Problem to work on:
Drop the images. Copy every line below character for character.
====== Entries shown
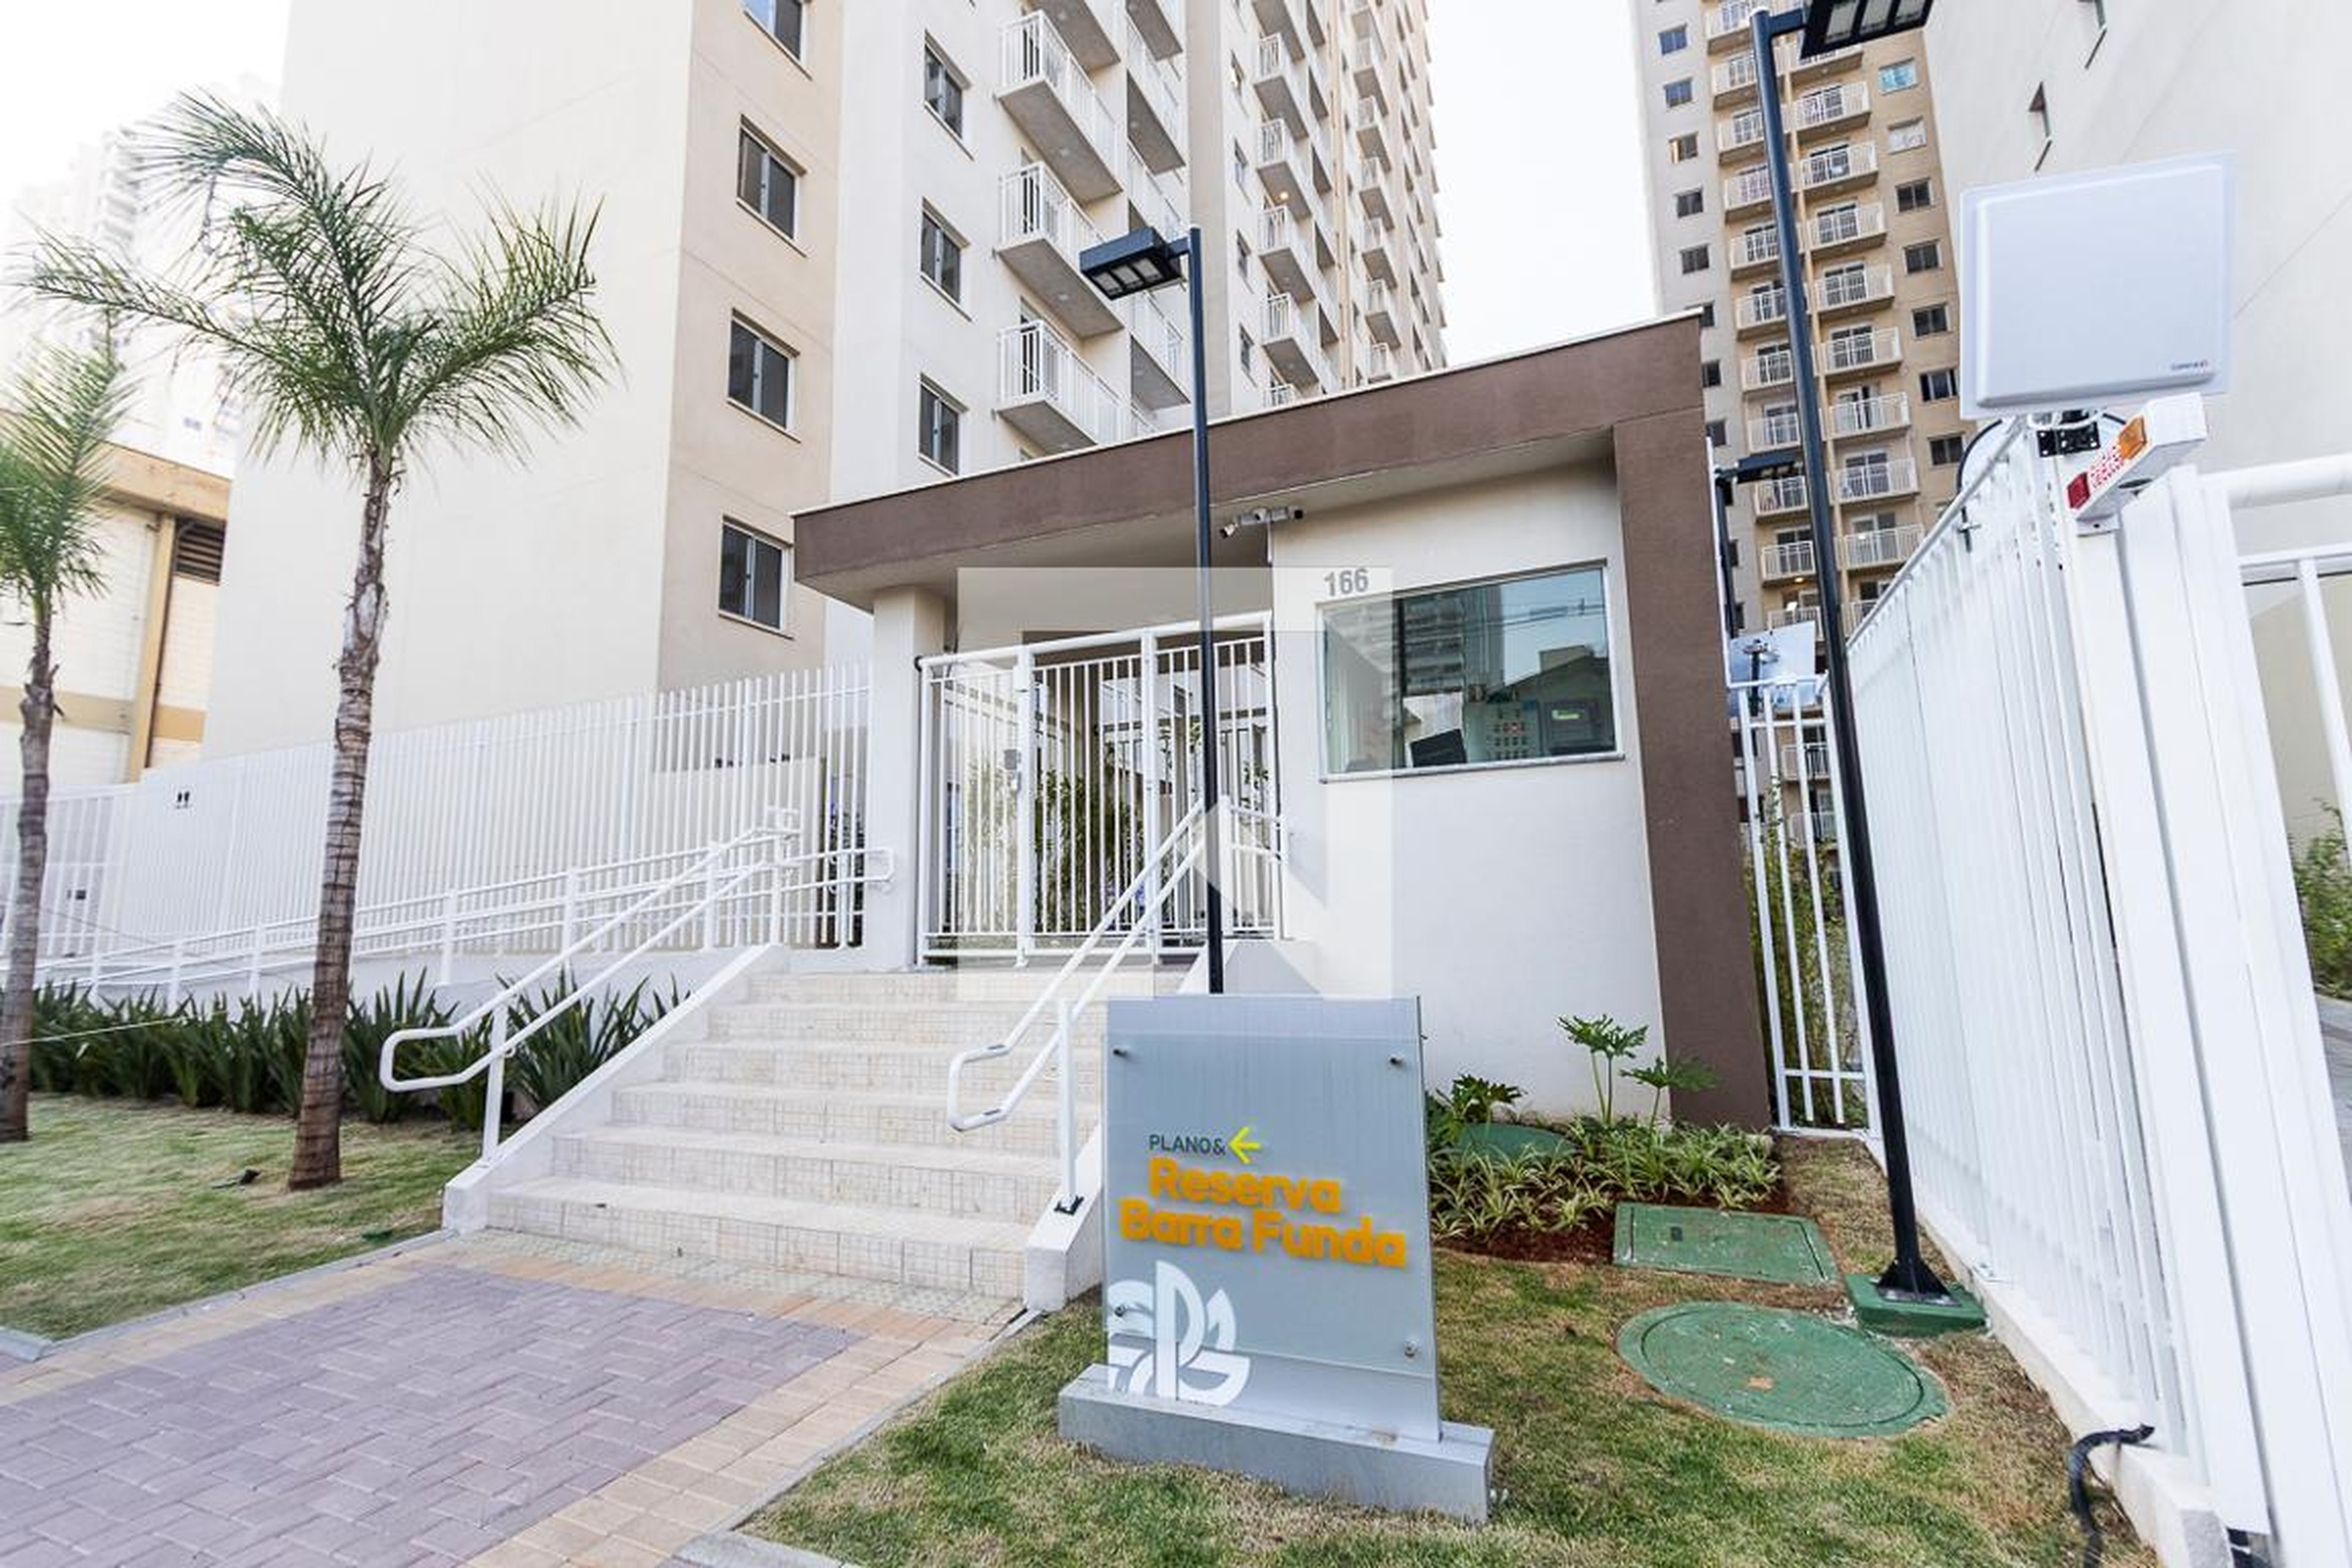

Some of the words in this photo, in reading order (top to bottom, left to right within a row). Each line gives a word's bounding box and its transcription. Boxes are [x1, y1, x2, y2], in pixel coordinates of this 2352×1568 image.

[1324, 568, 1369, 597] 166
[1149, 1156, 1341, 1214] Reserva
[1119, 1198, 1243, 1251] Barra
[1252, 1208, 1407, 1268] Funda
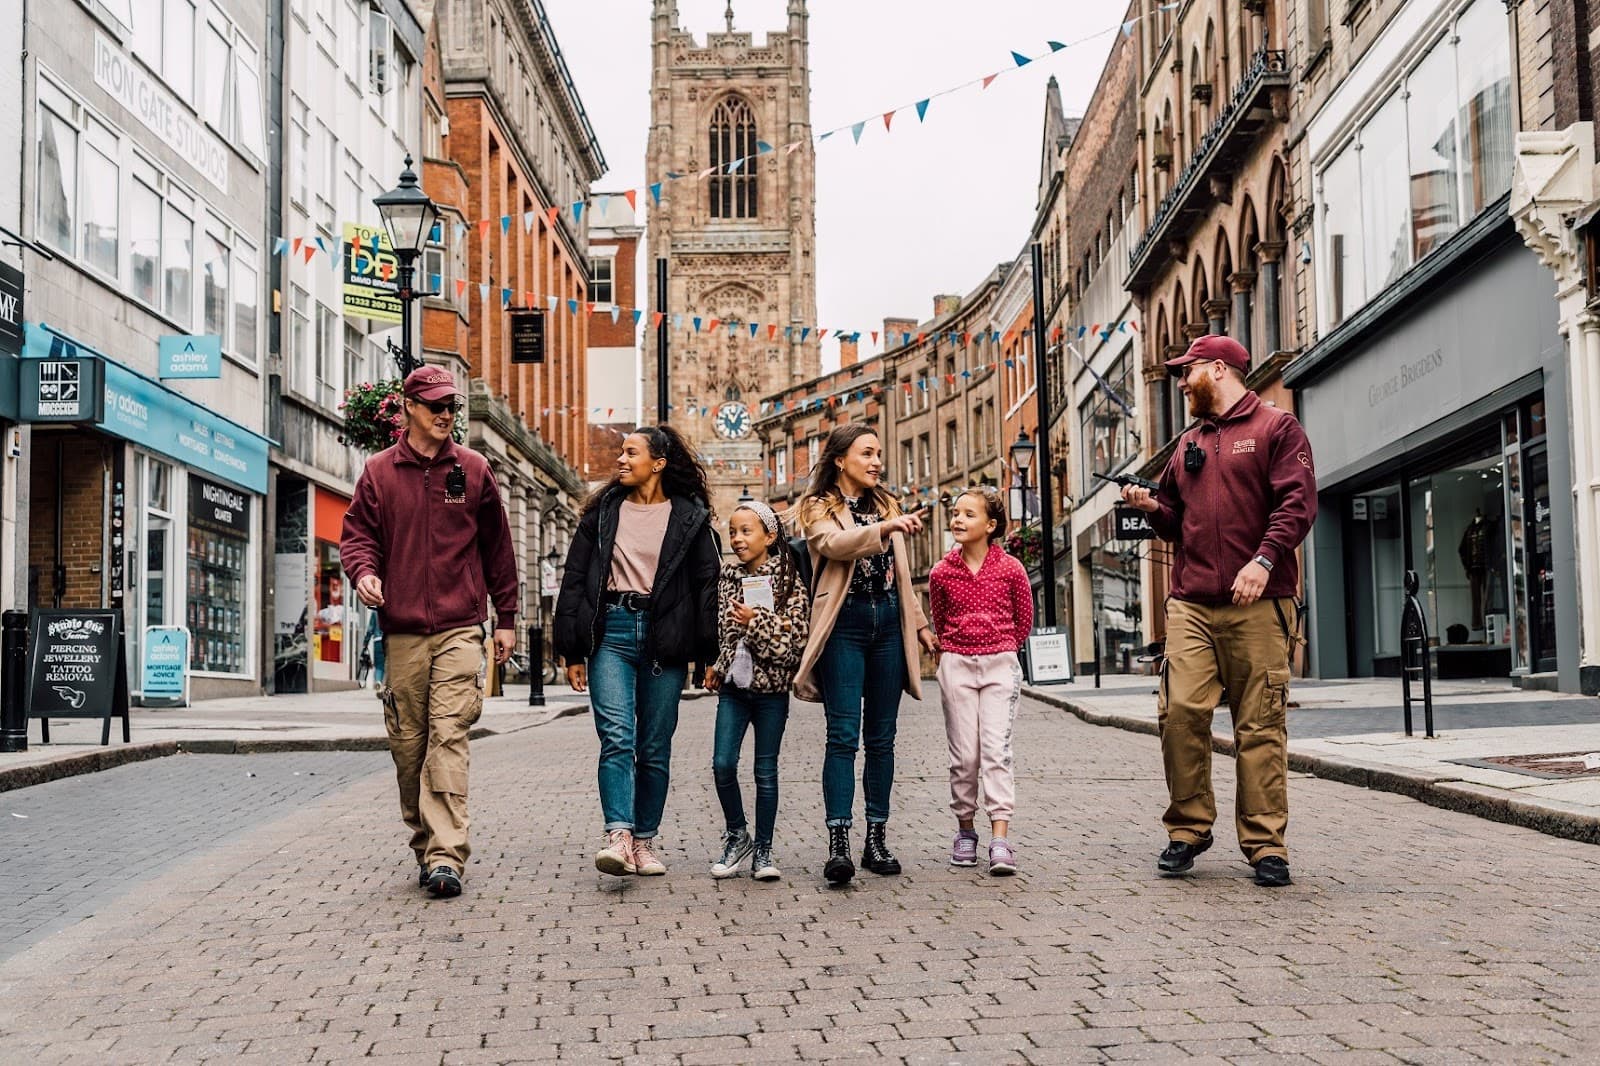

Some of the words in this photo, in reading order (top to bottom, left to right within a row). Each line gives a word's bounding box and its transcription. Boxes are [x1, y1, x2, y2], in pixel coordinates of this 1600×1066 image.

[97, 39, 134, 106] IRON
[138, 80, 173, 138] GATE
[176, 114, 226, 186] STUDIOS
[351, 247, 398, 280] DB
[171, 352, 208, 364] ashley
[170, 362, 209, 373] adams
[105, 384, 117, 411] ley
[119, 395, 148, 421] adams
[203, 483, 243, 512] NIGHTINGALE
[1122, 517, 1152, 530] BEA
[50, 645, 97, 653] PIERCING
[43, 654, 101, 663] JEWELLERY
[50, 665, 91, 673] TATTOO
[45, 673, 95, 681] REMOVAL
============
Reply:
Some of the words in this photo, in reading order (top to bottom, left to right within a row). Each line gives a word's bounding box and its transcription. Boxes are [x1, y1, x2, y2], in pixel coordinates of this 2352×1568 image.

[1324, 568, 1369, 597] 166
[1149, 1156, 1341, 1214] Reserva
[1119, 1198, 1243, 1251] Barra
[1252, 1208, 1407, 1268] Funda

Some of the words in this photo, in reading order (top to bottom, left to right within a row). Each line gives a word's bounding box and its transcription. Boxes are [x1, y1, x2, y2], in pixel coordinates of this 1600×1066 image.

[97, 39, 134, 106] IRON
[138, 80, 173, 138] GATE
[176, 114, 226, 186] STUDIOS
[351, 247, 398, 280] DB
[171, 352, 208, 364] ashley
[170, 362, 209, 373] adams
[105, 384, 117, 411] ley
[119, 395, 148, 421] adams
[203, 483, 243, 512] NIGHTINGALE
[1122, 517, 1152, 530] BEA
[50, 645, 97, 653] PIERCING
[43, 654, 101, 663] JEWELLERY
[50, 665, 91, 673] TATTOO
[45, 673, 95, 681] REMOVAL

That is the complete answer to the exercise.